** DATA LISTING **
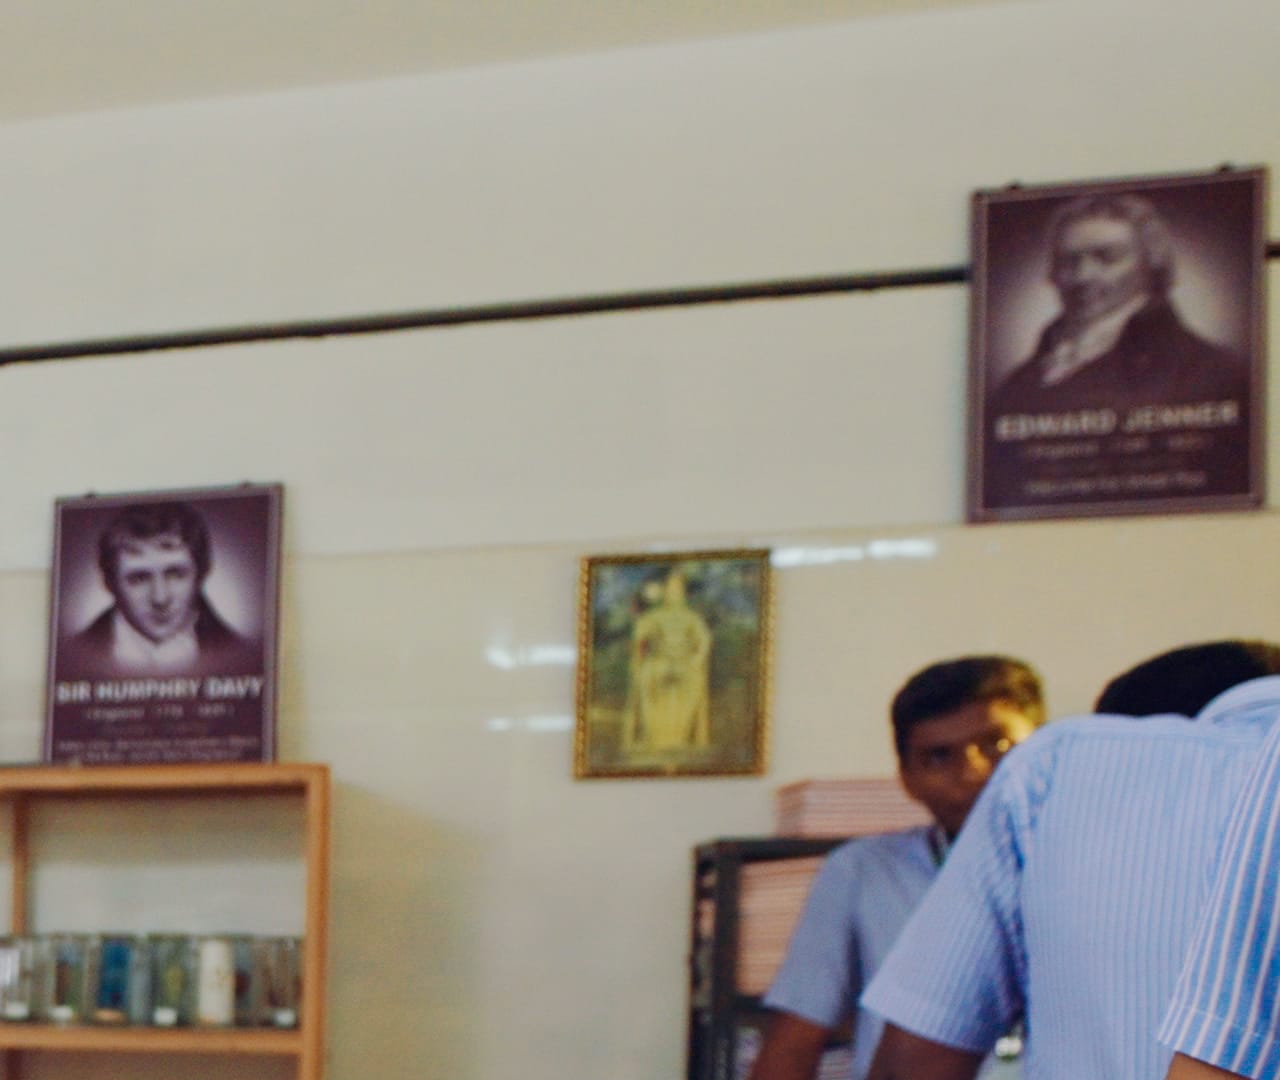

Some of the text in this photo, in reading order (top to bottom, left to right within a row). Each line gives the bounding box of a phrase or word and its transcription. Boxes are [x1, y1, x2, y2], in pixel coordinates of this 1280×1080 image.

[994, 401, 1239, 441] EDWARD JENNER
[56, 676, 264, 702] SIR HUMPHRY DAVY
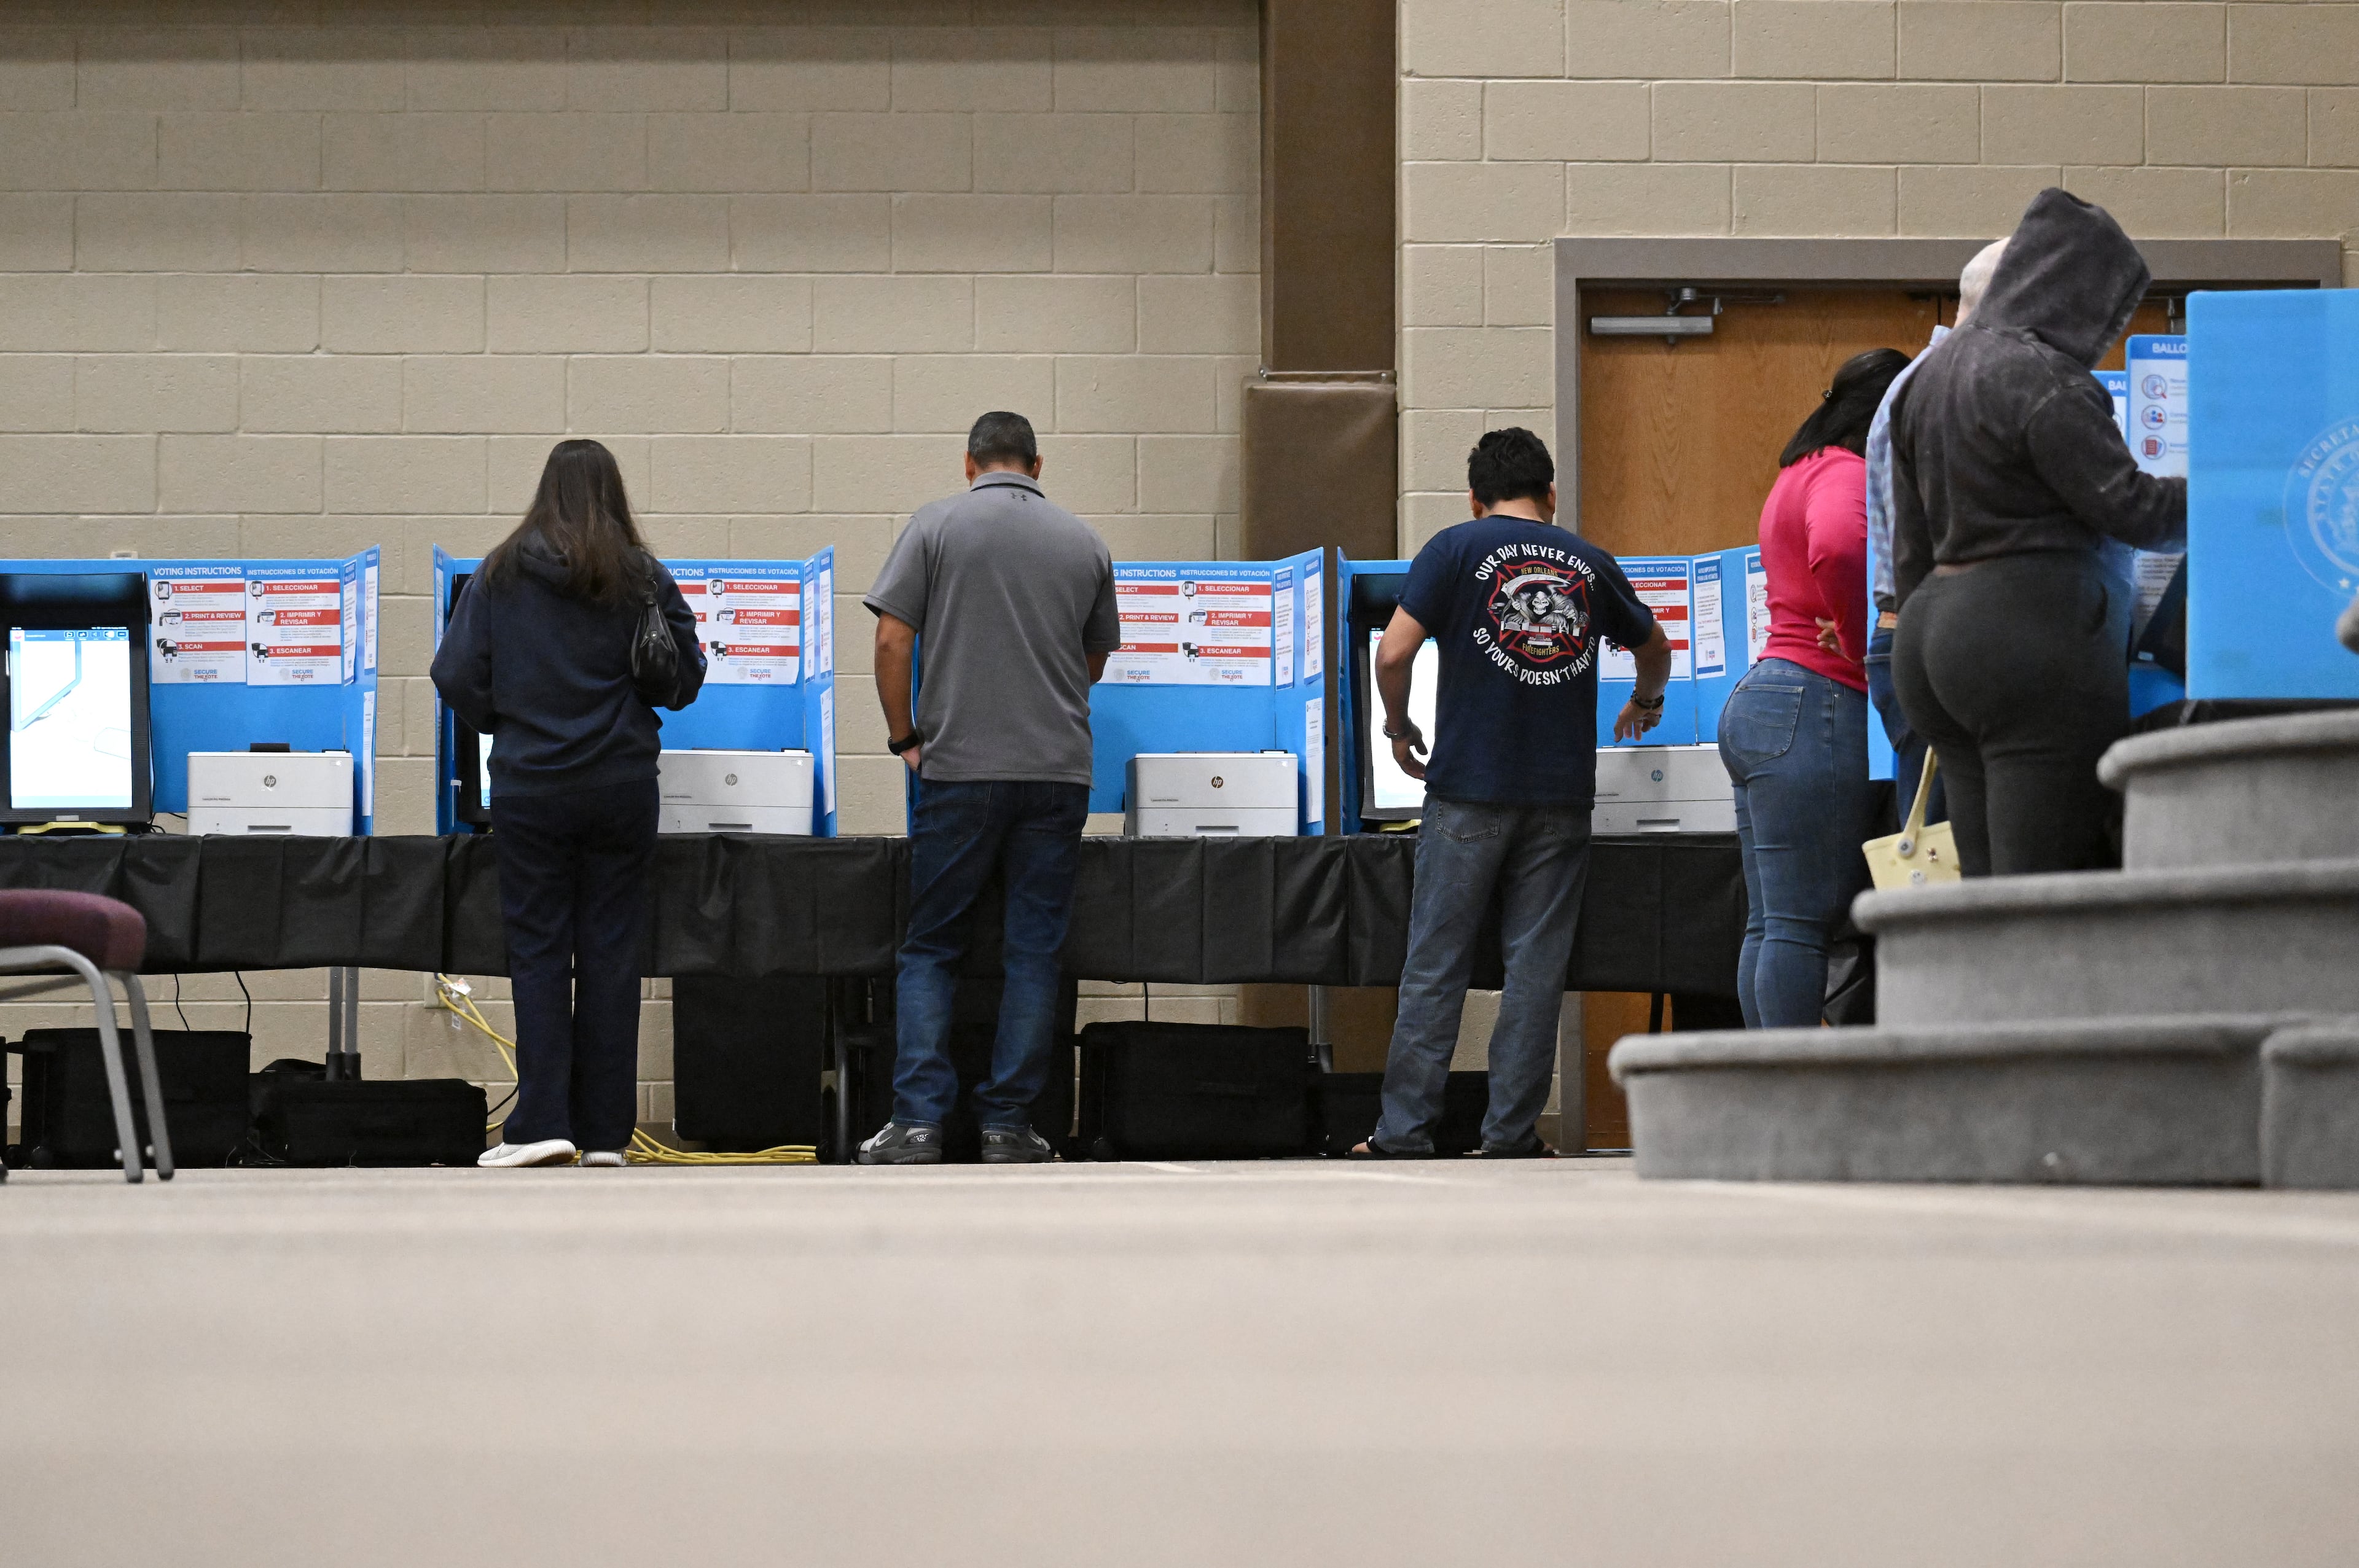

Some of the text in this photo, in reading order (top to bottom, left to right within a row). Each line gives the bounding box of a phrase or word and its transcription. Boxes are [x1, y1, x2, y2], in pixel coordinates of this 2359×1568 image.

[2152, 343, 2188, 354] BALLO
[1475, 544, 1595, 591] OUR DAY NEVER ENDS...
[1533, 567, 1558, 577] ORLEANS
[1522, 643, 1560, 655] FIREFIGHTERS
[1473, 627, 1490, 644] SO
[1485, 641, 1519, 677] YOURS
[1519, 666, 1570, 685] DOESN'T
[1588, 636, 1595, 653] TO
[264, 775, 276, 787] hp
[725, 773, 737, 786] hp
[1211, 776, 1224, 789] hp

** WHAT YOU NEED TO DO **
Each line from the one containing "this 2359×1568 image." to the final line of the entries above must be returned exactly, and no other line may appear.

** SOLUTION **
Some of the text in this photo, in reading order (top to bottom, left to right within a row). Each line gives the bounding box of a phrase or word and its transcription. Boxes are [x1, y1, x2, y2], in pixel coordinates of this 2359×1568 image.

[2152, 343, 2188, 354] BALLO
[1475, 544, 1595, 591] OUR DAY NEVER ENDS...
[1533, 567, 1558, 577] ORLEANS
[1522, 643, 1560, 655] FIREFIGHTERS
[1473, 627, 1490, 644] SO
[1485, 641, 1519, 677] YOURS
[1519, 666, 1570, 685] DOESN'T
[1588, 636, 1595, 653] TO
[264, 775, 276, 787] hp
[725, 773, 737, 786] hp
[1211, 776, 1224, 789] hp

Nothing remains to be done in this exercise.